Step 2 — Join each replica

On each replica host (after a fresh xrayGraphDB install — do not run xraygraphdb-bootstrap-admin on replicas):

Shell (on each replica)
sudo xraygraphdb-cluster-join \
    --main=main.example.com:7690 \
    --replica-port=7690 \
    --accept-wipe

The helper stops the local daemon, wipes /var/lib/xraygraphdb/{databases,auth,plugin_licenses,settings,replication,snapshots,wal}, writes a replica drop-in, and restarts. Without --accept-wipe it refuses; the daemon itself also refuses to start in replica mode against non-empty data unless that flag is passed (defense-in-depth in case someone hand-edits systemd).

Add --keep-snapshot-backup to mv the data directory to a timestamped .bak. path instead of deleting — useful if you want a one-restart undo.

Step 3 — Register on MAIN (if not pre-listed)

If you did not bake replica addresses into MAIN's --replication-replicas, register them at runtime:

Cypher (on MAIN)
REGISTER REPLICA replica1 SYNC TO "replica1.example.com:7690";
REGISTER REPLICA replica2 ASYNC TO "replica2.example.com:7690";
SHOW REPLICAS;
// Both data_info and system_info should populate within a few seconds.

Pick SYNC for replicas where you need durable acknowledgement of every write before MAIN commits, and ASYNC for replicas where you tolerate lag but don't want them to slow MAIN down.
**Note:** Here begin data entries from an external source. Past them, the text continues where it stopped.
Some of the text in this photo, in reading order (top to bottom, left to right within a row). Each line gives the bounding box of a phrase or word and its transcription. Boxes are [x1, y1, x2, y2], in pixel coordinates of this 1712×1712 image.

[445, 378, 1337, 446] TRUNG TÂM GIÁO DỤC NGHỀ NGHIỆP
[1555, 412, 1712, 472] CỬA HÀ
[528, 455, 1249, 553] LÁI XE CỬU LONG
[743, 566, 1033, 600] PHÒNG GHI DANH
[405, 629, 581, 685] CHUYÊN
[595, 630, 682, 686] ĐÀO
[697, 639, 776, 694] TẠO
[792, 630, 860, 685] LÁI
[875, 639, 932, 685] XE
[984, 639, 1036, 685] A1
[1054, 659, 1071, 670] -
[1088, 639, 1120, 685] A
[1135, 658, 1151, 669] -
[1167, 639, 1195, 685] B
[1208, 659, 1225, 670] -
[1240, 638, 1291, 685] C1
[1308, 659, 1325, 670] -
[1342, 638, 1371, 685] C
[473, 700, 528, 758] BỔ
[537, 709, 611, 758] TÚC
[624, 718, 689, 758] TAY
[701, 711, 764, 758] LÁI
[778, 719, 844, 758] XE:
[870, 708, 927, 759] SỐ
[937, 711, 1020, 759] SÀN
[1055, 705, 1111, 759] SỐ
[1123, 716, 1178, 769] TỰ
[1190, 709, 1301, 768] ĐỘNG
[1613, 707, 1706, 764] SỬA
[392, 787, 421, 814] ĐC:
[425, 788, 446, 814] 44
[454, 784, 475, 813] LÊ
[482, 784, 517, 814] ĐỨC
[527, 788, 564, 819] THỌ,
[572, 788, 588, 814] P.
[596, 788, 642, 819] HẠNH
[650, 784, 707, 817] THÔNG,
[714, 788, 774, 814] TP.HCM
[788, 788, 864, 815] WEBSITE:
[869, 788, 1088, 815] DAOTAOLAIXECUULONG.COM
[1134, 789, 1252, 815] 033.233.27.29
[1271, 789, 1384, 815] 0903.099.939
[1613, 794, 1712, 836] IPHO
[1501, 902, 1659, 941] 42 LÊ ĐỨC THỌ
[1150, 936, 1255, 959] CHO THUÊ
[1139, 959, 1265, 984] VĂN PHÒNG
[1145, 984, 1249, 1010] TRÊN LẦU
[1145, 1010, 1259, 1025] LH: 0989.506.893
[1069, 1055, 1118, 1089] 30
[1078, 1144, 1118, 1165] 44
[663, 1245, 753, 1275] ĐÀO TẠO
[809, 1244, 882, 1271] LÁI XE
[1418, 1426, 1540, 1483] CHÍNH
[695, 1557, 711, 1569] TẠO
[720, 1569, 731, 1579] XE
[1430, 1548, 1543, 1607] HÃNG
Step 4 — Verify replication

Cypher
// On MAIN — write a probe row
CREATE (:ReplProbe {ts: timestamp(), host: "main"});

// On each REPLICA — read it back (read-only)
MATCH (n:ReplProbe) RETURN n.ts, n.host;
// Should return the row written on MAIN; latency should be under a second on healthy networks.

If a replica is empty or stuck, check SHOW REPLICAS on MAIN: a healthy replica reports a populated data_info object and an increasing timestamp. A failed sync reports status: "invalid" — check both hosts' journals (journalctl -u xraygraphdb -n 200) and confirm the replica's port 7690 is reachable from MAIN.

Outage scenarios — what happens, what you do

The cluster has explicit, predictable behavior for every node-down case. Memorize this table.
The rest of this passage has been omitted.